INSTRUCTIONS TO FOLLOW
I'd like every entry returned exactly as it is, with the images left out.

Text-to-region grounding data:
● ● ● ● ●

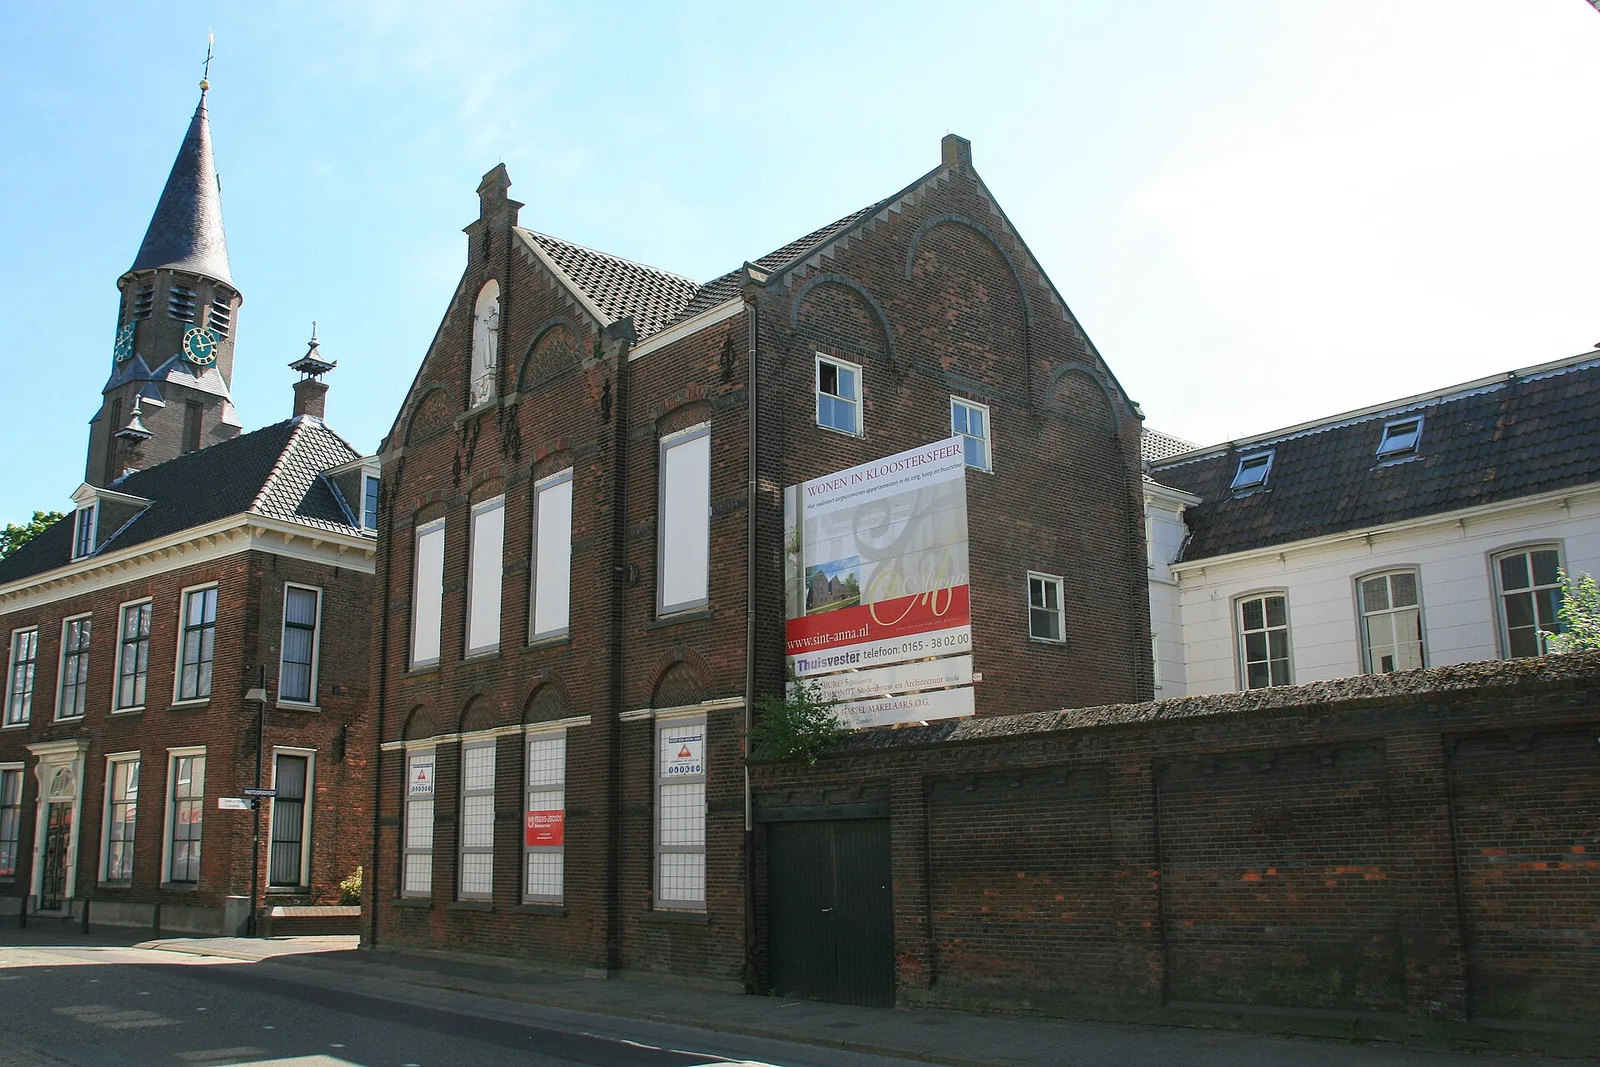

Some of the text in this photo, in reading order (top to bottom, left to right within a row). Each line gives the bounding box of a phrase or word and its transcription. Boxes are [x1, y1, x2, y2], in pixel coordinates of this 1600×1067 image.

[807, 444, 962, 497] WONEN IN KLOOSTERSFEER
[866, 480, 899, 494] appartementen
[922, 469, 933, 478] koop
[787, 623, 869, 650] www.sint-anna.nl
[797, 651, 861, 672] Thuisvester
[863, 645, 900, 659] telefoon:
[902, 641, 923, 653] 0165
[931, 638, 942, 649] 38
[944, 635, 955, 647] 02
[957, 633, 969, 644] 00
[856, 682, 893, 694] Stedenbouw
[904, 676, 944, 688] Architectuur
[867, 699, 913, 712] MAKELAARS
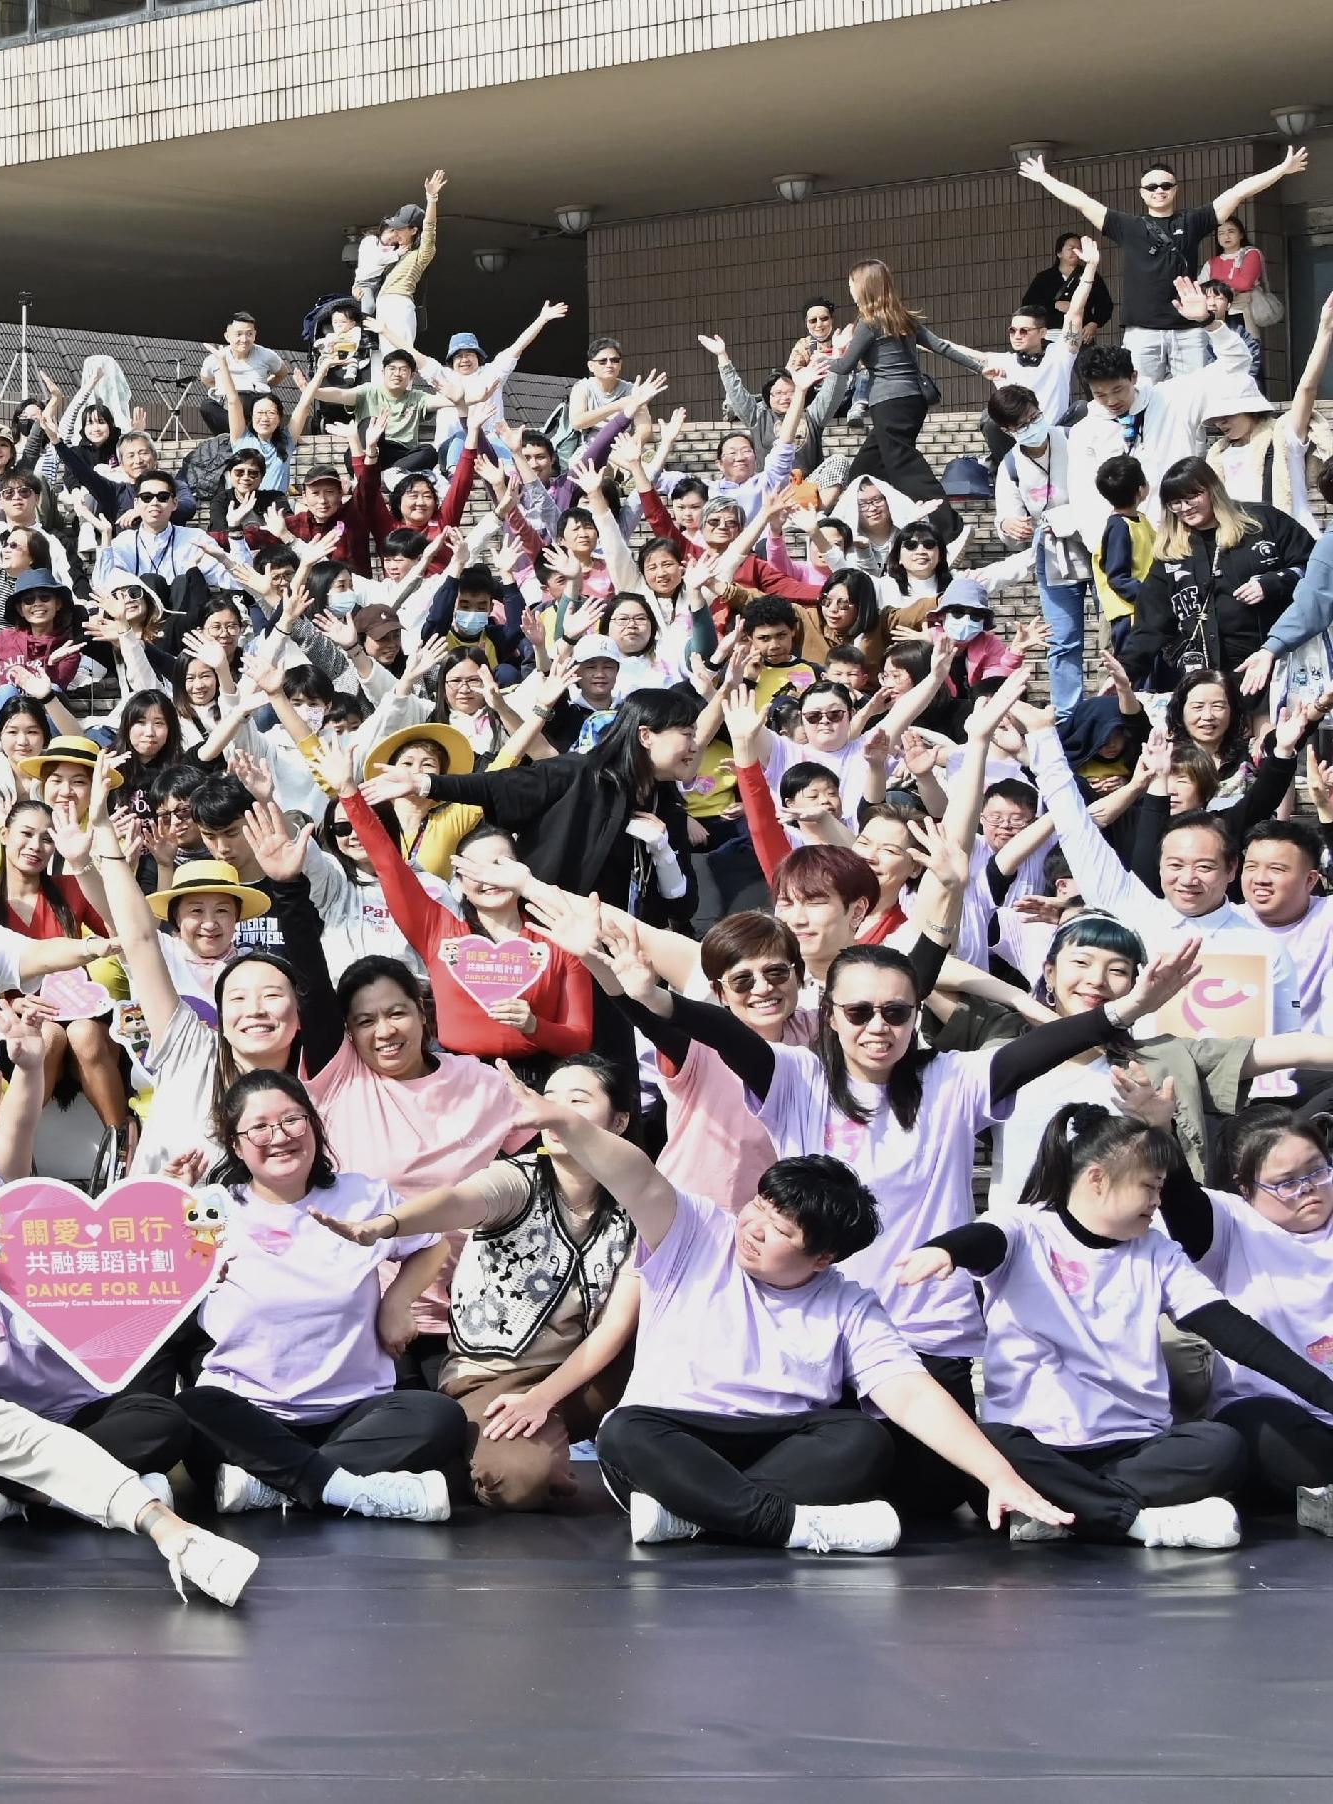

● ● ● ● ●

TASK SOLUTION
Some of the text in this photo, in reading order (top to bottom, left to right within a row). Each line gives the bounding box of a phrase or word and its transcription. Boxes are [x1, y1, x2, y2], in pixel coordinates of this 1600×1067 image.

[807, 444, 962, 497] WONEN IN KLOOSTERSFEER
[866, 480, 899, 494] appartementen
[922, 469, 933, 478] koop
[787, 623, 869, 650] www.sint-anna.nl
[797, 651, 861, 672] Thuisvester
[863, 645, 900, 659] telefoon:
[902, 641, 923, 653] 0165
[931, 638, 942, 649] 38
[944, 635, 955, 647] 02
[957, 633, 969, 644] 00
[856, 682, 893, 694] Stedenbouw
[904, 676, 944, 688] Architectuur
[867, 699, 913, 712] MAKELAARS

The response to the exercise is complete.